Hoje é um dia de pensar não apenas na Arquitetura, mas pensar em como há tanta intolerância nos cercando. E justamente porque no dia 16 de novembro é o dia em que a ONU declarou como sendo o Dia Internacional da Tolerância. 
 "Do ponto de vista da sociedade, a tolerância é a capacidade de uma pessoa ou grupo social de aceitar outra pessoa ou grupo social, que tem uma atitude diferente das que são a norma no seu próprio grupo. Numa concepção moderna é também a atitude pessoal e comunitária de aceitar valores diferentes daqueles adotados pelo grupo de pertença original." Wikipédia
Embora a palavra tolerância já me soe como uma coisa ambígua, com um significado de que posso tolerar algo e não verdadeiramente compreender ou tentar me colocar no lugar de outro para entender o que eles pensa, sente, tenta expressar, não vou me deter em questões semânticas. A mensagem desse dia é muito maior.

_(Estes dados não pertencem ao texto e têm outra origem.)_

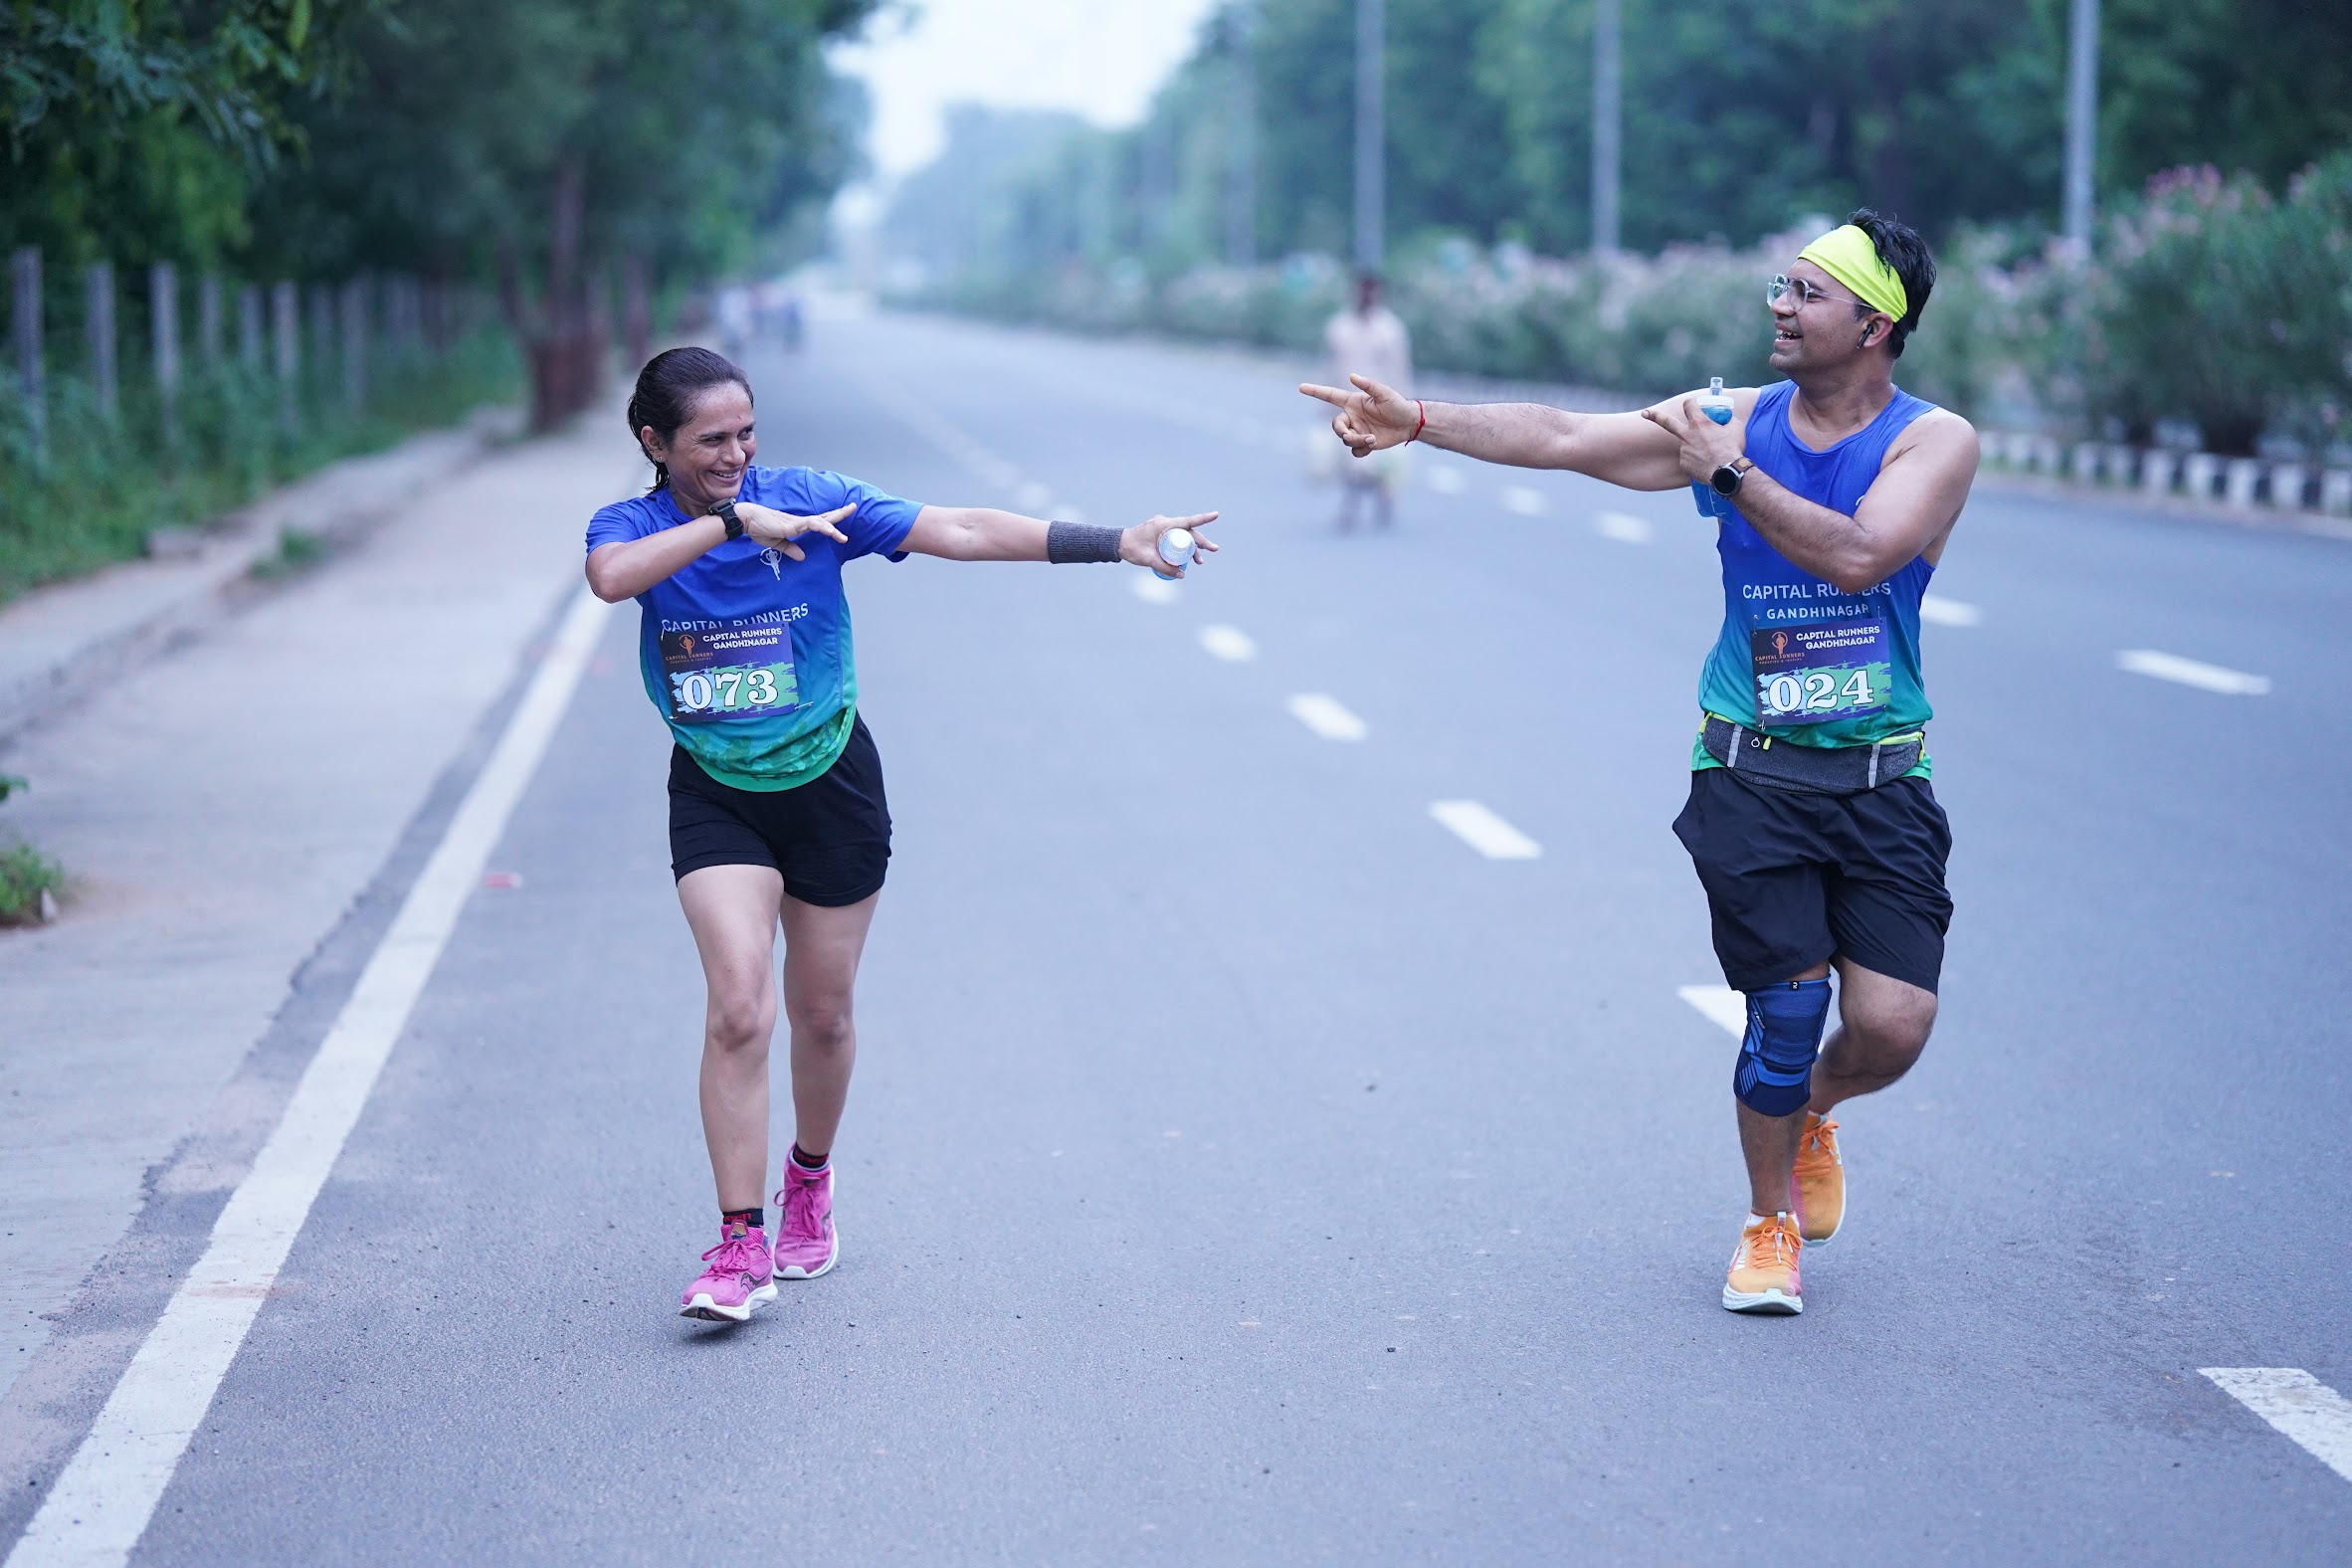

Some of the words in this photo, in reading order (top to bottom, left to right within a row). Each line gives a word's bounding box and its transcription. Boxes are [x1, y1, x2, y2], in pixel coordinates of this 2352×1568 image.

Pessoas se isolam em grupos, tribos, ideias, religiões, partidos políticos, torcidas de futebol e se tornam algumas vezes extremamente rígidas. Toda rigidez é uma proximidade da morte. Nada é igual eternamente. A vida é mutável, a vida é estrada, a vida é ter a capacidade de reinvenção dia a dia. Nada contra ter posições firmes. Eu as tenho e as defendo. Mas vejam bem, defender com argumentos, não com agressões. Tem gente que usa da ironia para ofender. Usa de palavras de baixo calão para ferir. Estamos nós, sociedade, muito extremados algumas vezes.   
A discriminação se faz presente nessa época de atitudes politicamente corretas de formas variadas. Em piadas sem graça, em agressões verbais ou físicas, em perseguição em forma de bullying
1 - Todas as pessoas têm direito à liberdade de pensamento, consciência e religião (Artigo 18);

2 - Todos têm direito à liberdade de opinião e expressão (Artigo 19)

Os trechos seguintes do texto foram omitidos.